Não devemos esquecer que a adolescência é um período de trabalho, de desafios, de incertezas, de sintomas sociais, mas também é um dos momentos mais belos da vida, merecendo ser vivida intensamente.

 

 

 

[1] Seminário de abertura sobre adolescência do NIPPM – 1º semestre de 2016. Texto gravado e transcrito por Bianca Ferreira Rocha, reformulado pelo expositor.

BIBLIOGRAFIA
CUNHA, C.F. A janela da escuta. Belo Horizonte: Scriptum, 2014.
FREDA, H. O adolescente freudiano.
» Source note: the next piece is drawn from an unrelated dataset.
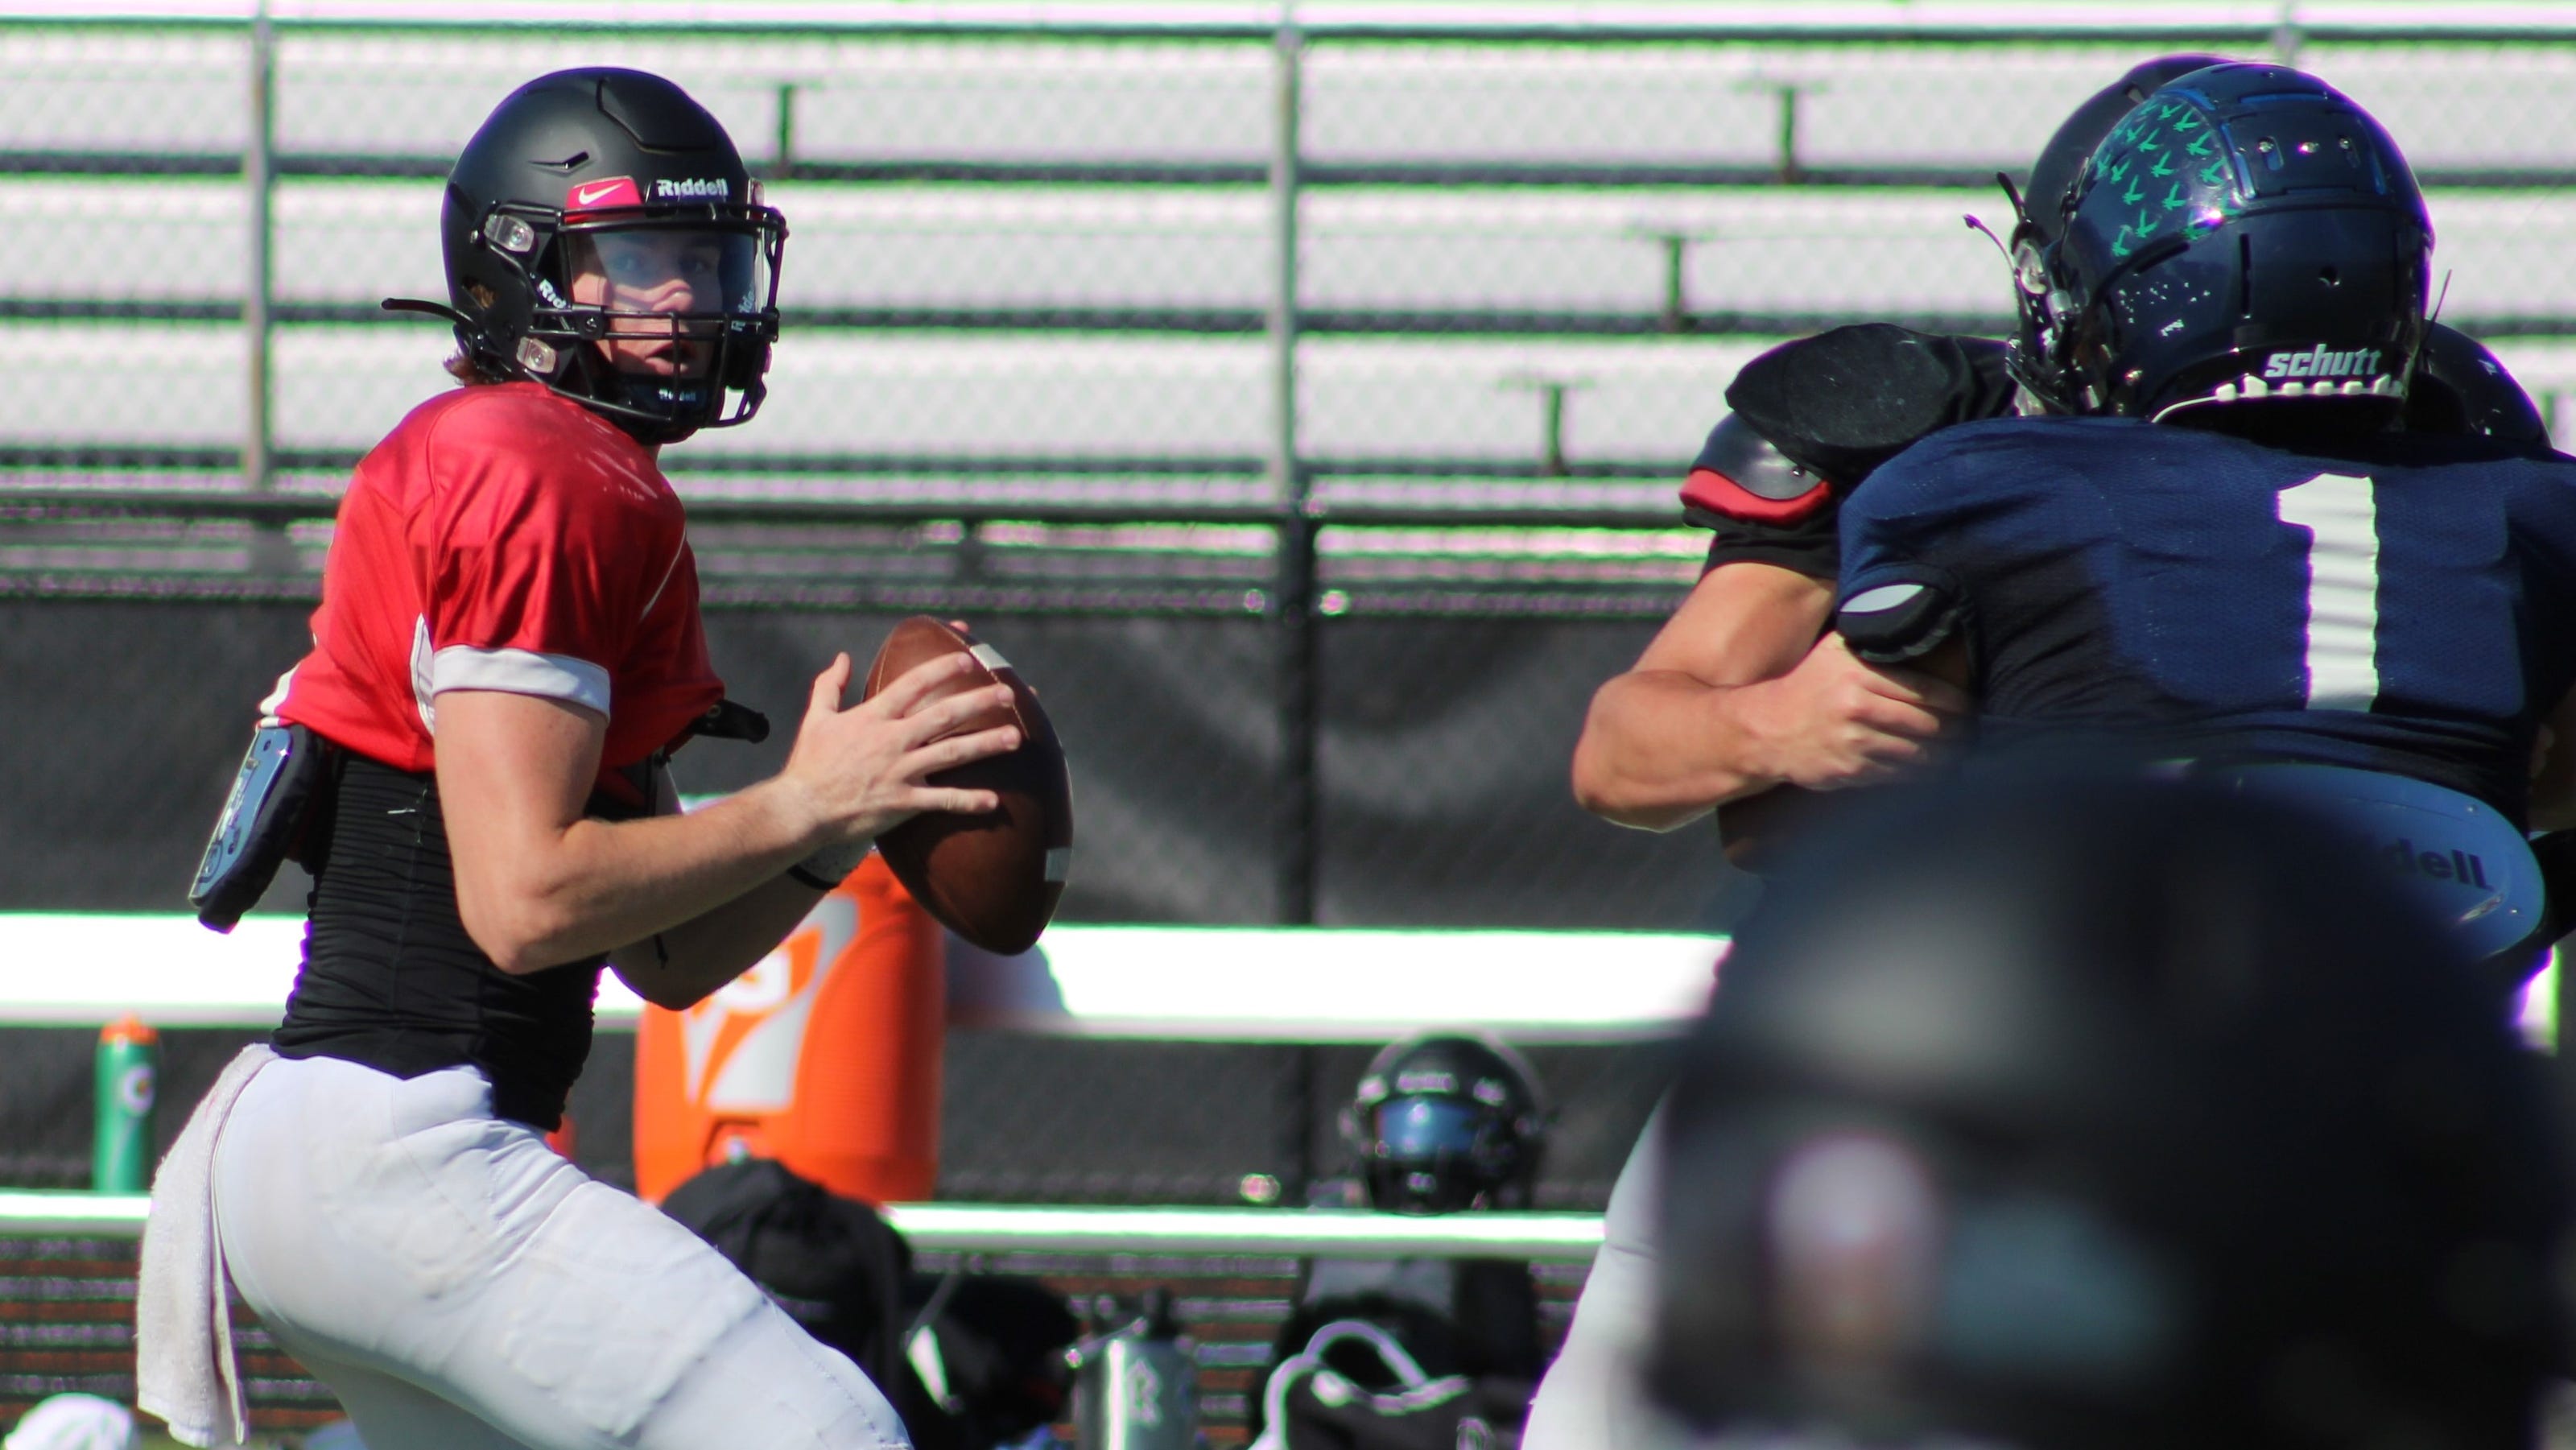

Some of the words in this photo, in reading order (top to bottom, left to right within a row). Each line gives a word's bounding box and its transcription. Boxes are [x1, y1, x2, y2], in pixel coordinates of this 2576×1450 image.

In: Adolescência: o despertar/Kalimeros, EBP: Rio de Janeiro, Heloisa Caldas e Vera Pollo (Orgs) 1996.
FREUD, S. Três ensaios sobre a teoria da sexualidade: transformações da puberdade (1905), In: Um caso de histeria, três ensaios sobre a teoria da sexualidade e outros trabalhos (1901-1905). Rio de Janeiro: Imago, 2006 (Edição Standard Brasileira da Obras Psicológicas Completas de Sigmund Freud, v.7).
MILLER, J-A. “Em direção à adolescência”. Intervenção de encerramento da 3ª Jornada do Instituto da Criança. 2015. Disponível em http://minascomlacan.com.br/blog/em-direcao-a-adolescencia.
______. Perspectivas do Seminário 5 de Lacan: As formações do inconsciente. Rio de Janeiro: Jorge Zahar Ed. 1999.
______. Embrollos del cuerpo. Buenos Aires: Paidós, 2012.
 STEVENS, A. Adolescência como sintoma da puberdade. Clínica do contemporâneo. Curinga, Belo Horizonte, n.20, p.27-39, 2004.
WEDEKIND, B. F. O despertar da primavera. Lisboa: Ed. Estampa, 1991.